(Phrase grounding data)
·····

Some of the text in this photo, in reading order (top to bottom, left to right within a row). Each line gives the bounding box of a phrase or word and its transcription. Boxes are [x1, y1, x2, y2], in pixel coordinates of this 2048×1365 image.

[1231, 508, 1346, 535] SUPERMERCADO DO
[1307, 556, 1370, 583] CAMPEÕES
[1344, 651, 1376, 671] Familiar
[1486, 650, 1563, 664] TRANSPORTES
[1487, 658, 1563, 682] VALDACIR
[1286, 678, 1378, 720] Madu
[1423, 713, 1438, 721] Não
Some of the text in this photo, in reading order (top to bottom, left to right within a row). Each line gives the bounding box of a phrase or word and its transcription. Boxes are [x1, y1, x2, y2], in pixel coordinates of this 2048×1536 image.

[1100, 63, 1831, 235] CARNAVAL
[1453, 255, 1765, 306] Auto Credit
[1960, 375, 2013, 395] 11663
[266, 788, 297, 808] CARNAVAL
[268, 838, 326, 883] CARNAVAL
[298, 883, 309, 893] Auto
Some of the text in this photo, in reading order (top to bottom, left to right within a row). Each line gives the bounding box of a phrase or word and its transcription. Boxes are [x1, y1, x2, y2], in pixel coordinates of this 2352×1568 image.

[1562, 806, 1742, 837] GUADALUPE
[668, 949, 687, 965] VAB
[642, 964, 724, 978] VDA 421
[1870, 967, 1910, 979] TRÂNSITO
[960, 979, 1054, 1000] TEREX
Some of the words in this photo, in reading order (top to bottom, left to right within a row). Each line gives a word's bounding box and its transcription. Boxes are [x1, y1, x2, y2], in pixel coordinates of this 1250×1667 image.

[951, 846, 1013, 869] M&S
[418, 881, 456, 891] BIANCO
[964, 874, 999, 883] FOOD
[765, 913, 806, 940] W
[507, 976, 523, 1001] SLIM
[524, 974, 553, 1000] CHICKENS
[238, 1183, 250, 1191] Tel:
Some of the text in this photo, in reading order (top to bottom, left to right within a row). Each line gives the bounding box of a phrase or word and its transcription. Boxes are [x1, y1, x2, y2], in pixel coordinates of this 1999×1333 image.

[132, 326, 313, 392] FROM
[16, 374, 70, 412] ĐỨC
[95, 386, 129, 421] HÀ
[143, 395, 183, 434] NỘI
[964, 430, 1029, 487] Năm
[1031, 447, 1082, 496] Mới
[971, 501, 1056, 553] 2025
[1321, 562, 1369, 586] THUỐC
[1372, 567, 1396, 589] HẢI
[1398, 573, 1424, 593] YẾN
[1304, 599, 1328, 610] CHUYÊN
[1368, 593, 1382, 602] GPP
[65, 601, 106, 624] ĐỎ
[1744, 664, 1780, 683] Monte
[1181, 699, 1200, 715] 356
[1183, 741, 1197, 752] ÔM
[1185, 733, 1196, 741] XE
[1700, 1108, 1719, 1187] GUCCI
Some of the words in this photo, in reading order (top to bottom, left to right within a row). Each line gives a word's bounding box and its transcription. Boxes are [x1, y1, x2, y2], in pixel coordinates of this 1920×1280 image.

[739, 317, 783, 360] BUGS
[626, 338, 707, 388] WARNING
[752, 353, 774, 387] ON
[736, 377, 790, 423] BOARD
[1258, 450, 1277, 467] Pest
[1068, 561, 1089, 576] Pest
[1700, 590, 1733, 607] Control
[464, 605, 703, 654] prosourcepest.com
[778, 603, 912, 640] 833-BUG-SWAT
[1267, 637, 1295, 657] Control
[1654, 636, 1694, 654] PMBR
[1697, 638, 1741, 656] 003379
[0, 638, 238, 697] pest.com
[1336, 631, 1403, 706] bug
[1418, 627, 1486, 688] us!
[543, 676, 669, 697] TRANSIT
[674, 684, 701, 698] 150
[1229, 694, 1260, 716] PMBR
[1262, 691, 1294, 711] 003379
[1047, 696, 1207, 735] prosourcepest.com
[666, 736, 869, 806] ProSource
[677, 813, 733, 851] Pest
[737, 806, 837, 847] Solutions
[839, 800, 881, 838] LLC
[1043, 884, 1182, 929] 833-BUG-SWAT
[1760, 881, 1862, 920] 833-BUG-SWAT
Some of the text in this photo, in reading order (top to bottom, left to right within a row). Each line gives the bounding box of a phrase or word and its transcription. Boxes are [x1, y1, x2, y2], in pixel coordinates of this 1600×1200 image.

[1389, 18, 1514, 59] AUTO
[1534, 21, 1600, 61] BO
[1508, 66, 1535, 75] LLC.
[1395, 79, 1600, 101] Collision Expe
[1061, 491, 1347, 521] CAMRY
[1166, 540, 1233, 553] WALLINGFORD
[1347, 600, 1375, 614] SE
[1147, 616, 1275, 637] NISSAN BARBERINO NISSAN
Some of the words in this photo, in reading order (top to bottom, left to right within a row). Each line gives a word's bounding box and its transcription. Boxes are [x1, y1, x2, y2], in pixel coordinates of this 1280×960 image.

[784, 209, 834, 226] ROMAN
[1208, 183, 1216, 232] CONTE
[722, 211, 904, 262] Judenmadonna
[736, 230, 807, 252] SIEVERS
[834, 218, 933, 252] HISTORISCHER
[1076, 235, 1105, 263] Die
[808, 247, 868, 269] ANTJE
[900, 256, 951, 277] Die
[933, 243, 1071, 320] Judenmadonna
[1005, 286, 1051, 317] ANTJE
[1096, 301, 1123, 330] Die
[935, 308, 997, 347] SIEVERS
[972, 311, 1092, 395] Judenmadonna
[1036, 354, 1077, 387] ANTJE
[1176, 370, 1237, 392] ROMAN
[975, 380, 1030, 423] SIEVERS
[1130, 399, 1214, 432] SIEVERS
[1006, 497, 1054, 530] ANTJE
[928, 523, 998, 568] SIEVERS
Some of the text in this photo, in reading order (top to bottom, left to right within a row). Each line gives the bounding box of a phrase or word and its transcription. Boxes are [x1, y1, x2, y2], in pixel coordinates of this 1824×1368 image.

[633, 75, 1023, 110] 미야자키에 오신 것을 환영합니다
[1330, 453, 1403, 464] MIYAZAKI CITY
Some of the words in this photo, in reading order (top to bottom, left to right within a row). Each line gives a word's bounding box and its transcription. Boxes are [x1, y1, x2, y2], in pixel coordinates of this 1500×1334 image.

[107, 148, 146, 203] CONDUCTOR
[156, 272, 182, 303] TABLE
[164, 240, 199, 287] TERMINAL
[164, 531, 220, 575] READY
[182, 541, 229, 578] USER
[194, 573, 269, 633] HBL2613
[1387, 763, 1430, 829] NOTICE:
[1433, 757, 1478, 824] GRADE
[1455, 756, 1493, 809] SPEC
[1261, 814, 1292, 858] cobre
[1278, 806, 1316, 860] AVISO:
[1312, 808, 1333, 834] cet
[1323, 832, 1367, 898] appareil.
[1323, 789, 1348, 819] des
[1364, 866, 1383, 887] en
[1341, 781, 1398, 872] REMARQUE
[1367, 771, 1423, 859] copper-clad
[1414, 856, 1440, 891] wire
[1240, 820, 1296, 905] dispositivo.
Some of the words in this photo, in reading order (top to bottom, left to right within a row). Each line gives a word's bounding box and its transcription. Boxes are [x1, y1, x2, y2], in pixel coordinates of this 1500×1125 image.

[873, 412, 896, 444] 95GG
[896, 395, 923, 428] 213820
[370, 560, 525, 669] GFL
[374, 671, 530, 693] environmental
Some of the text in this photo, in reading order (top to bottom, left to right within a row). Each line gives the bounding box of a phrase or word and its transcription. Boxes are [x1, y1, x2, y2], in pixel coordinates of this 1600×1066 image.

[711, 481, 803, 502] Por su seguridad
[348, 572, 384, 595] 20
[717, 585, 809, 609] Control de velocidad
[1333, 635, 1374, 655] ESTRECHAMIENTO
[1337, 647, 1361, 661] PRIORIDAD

·····

# YOUR GOAL
The entire set of entries, and nothing else, should be set down exactly.

# SOLUTION BELOW
Some of the text in this photo, in reading order (top to bottom, left to right within a row). Each line gives the bounding box of a phrase or word and its transcription. Boxes are [x1, y1, x2, y2], in pixel coordinates of this 2048×1365 image.

[1231, 508, 1346, 535] SUPERMERCADO DO
[1307, 556, 1370, 583] CAMPEÕES
[1344, 651, 1376, 671] Familiar
[1486, 650, 1563, 664] TRANSPORTES
[1487, 658, 1563, 682] VALDACIR
[1286, 678, 1378, 720] Madu
[1423, 713, 1438, 721] Não
Some of the text in this photo, in reading order (top to bottom, left to right within a row). Each line gives the bounding box of a phrase or word and its transcription. Boxes are [x1, y1, x2, y2], in pixel coordinates of this 2048×1536 image.

[1100, 63, 1831, 235] CARNAVAL
[1453, 255, 1765, 306] Auto Credit
[1960, 375, 2013, 395] 11663
[266, 788, 297, 808] CARNAVAL
[268, 838, 326, 883] CARNAVAL
[298, 883, 309, 893] Auto
Some of the text in this photo, in reading order (top to bottom, left to right within a row). Each line gives the bounding box of a phrase or word and its transcription. Boxes are [x1, y1, x2, y2], in pixel coordinates of this 2352×1568 image.

[1562, 806, 1742, 837] GUADALUPE
[668, 949, 687, 965] VAB
[642, 964, 724, 978] VDA 421
[1870, 967, 1910, 979] TRÂNSITO
[960, 979, 1054, 1000] TEREX
Some of the words in this photo, in reading order (top to bottom, left to right within a row). Each line gives a word's bounding box and its transcription. Boxes are [x1, y1, x2, y2], in pixel coordinates of this 1250×1667 image.

[951, 846, 1013, 869] M&S
[418, 881, 456, 891] BIANCO
[964, 874, 999, 883] FOOD
[765, 913, 806, 940] W
[507, 976, 523, 1001] SLIM
[524, 974, 553, 1000] CHICKENS
[238, 1183, 250, 1191] Tel:
Some of the text in this photo, in reading order (top to bottom, left to right within a row). Each line gives the bounding box of a phrase or word and its transcription. Boxes are [x1, y1, x2, y2], in pixel coordinates of this 1999×1333 image.

[132, 326, 313, 392] FROM
[16, 374, 70, 412] ĐỨC
[95, 386, 129, 421] HÀ
[143, 395, 183, 434] NỘI
[964, 430, 1029, 487] Năm
[1031, 447, 1082, 496] Mới
[971, 501, 1056, 553] 2025
[1321, 562, 1369, 586] THUỐC
[1372, 567, 1396, 589] HẢI
[1398, 573, 1424, 593] YẾN
[1304, 599, 1328, 610] CHUYÊN
[1368, 593, 1382, 602] GPP
[65, 601, 106, 624] ĐỎ
[1744, 664, 1780, 683] Monte
[1181, 699, 1200, 715] 356
[1183, 741, 1197, 752] ÔM
[1185, 733, 1196, 741] XE
[1700, 1108, 1719, 1187] GUCCI
Some of the words in this photo, in reading order (top to bottom, left to right within a row). Each line gives a word's bounding box and its transcription. Boxes are [x1, y1, x2, y2], in pixel coordinates of this 1920×1280 image.

[739, 317, 783, 360] BUGS
[626, 338, 707, 388] WARNING
[752, 353, 774, 387] ON
[736, 377, 790, 423] BOARD
[1258, 450, 1277, 467] Pest
[1068, 561, 1089, 576] Pest
[1700, 590, 1733, 607] Control
[464, 605, 703, 654] prosourcepest.com
[778, 603, 912, 640] 833-BUG-SWAT
[1267, 637, 1295, 657] Control
[1654, 636, 1694, 654] PMBR
[1697, 638, 1741, 656] 003379
[0, 638, 238, 697] pest.com
[1336, 631, 1403, 706] bug
[1418, 627, 1486, 688] us!
[543, 676, 669, 697] TRANSIT
[674, 684, 701, 698] 150
[1229, 694, 1260, 716] PMBR
[1262, 691, 1294, 711] 003379
[1047, 696, 1207, 735] prosourcepest.com
[666, 736, 869, 806] ProSource
[677, 813, 733, 851] Pest
[737, 806, 837, 847] Solutions
[839, 800, 881, 838] LLC
[1043, 884, 1182, 929] 833-BUG-SWAT
[1760, 881, 1862, 920] 833-BUG-SWAT
Some of the text in this photo, in reading order (top to bottom, left to right within a row). Each line gives the bounding box of a phrase or word and its transcription. Boxes are [x1, y1, x2, y2], in pixel coordinates of this 1600×1200 image.

[1389, 18, 1514, 59] AUTO
[1534, 21, 1600, 61] BO
[1508, 66, 1535, 75] LLC.
[1395, 79, 1600, 101] Collision Expe
[1061, 491, 1347, 521] CAMRY
[1166, 540, 1233, 553] WALLINGFORD
[1347, 600, 1375, 614] SE
[1147, 616, 1275, 637] NISSAN BARBERINO NISSAN
Some of the words in this photo, in reading order (top to bottom, left to right within a row). Each line gives a word's bounding box and its transcription. Boxes are [x1, y1, x2, y2], in pixel coordinates of this 1280×960 image.

[784, 209, 834, 226] ROMAN
[1208, 183, 1216, 232] CONTE
[722, 211, 904, 262] Judenmadonna
[736, 230, 807, 252] SIEVERS
[834, 218, 933, 252] HISTORISCHER
[1076, 235, 1105, 263] Die
[808, 247, 868, 269] ANTJE
[900, 256, 951, 277] Die
[933, 243, 1071, 320] Judenmadonna
[1005, 286, 1051, 317] ANTJE
[1096, 301, 1123, 330] Die
[935, 308, 997, 347] SIEVERS
[972, 311, 1092, 395] Judenmadonna
[1036, 354, 1077, 387] ANTJE
[1176, 370, 1237, 392] ROMAN
[975, 380, 1030, 423] SIEVERS
[1130, 399, 1214, 432] SIEVERS
[1006, 497, 1054, 530] ANTJE
[928, 523, 998, 568] SIEVERS
Some of the text in this photo, in reading order (top to bottom, left to right within a row). Each line gives the bounding box of a phrase or word and its transcription. Boxes are [x1, y1, x2, y2], in pixel coordinates of this 1824×1368 image.

[633, 75, 1023, 110] 미야자키에 오신 것을 환영합니다
[1330, 453, 1403, 464] MIYAZAKI CITY
Some of the words in this photo, in reading order (top to bottom, left to right within a row). Each line gives a word's bounding box and its transcription. Boxes are [x1, y1, x2, y2], in pixel coordinates of this 1500×1334 image.

[107, 148, 146, 203] CONDUCTOR
[156, 272, 182, 303] TABLE
[164, 240, 199, 287] TERMINAL
[164, 531, 220, 575] READY
[182, 541, 229, 578] USER
[194, 573, 269, 633] HBL2613
[1387, 763, 1430, 829] NOTICE:
[1433, 757, 1478, 824] GRADE
[1455, 756, 1493, 809] SPEC
[1261, 814, 1292, 858] cobre
[1278, 806, 1316, 860] AVISO:
[1312, 808, 1333, 834] cet
[1323, 832, 1367, 898] appareil.
[1323, 789, 1348, 819] des
[1364, 866, 1383, 887] en
[1341, 781, 1398, 872] REMARQUE
[1367, 771, 1423, 859] copper-clad
[1414, 856, 1440, 891] wire
[1240, 820, 1296, 905] dispositivo.
Some of the words in this photo, in reading order (top to bottom, left to right within a row). Each line gives a word's bounding box and its transcription. Boxes are [x1, y1, x2, y2], in pixel coordinates of this 1500×1125 image.

[873, 412, 896, 444] 95GG
[896, 395, 923, 428] 213820
[370, 560, 525, 669] GFL
[374, 671, 530, 693] environmental
Some of the text in this photo, in reading order (top to bottom, left to right within a row). Each line gives the bounding box of a phrase or word and its transcription. Boxes are [x1, y1, x2, y2], in pixel coordinates of this 1600×1066 image.

[711, 481, 803, 502] Por su seguridad
[348, 572, 384, 595] 20
[717, 585, 809, 609] Control de velocidad
[1333, 635, 1374, 655] ESTRECHAMIENTO
[1337, 647, 1361, 661] PRIORIDAD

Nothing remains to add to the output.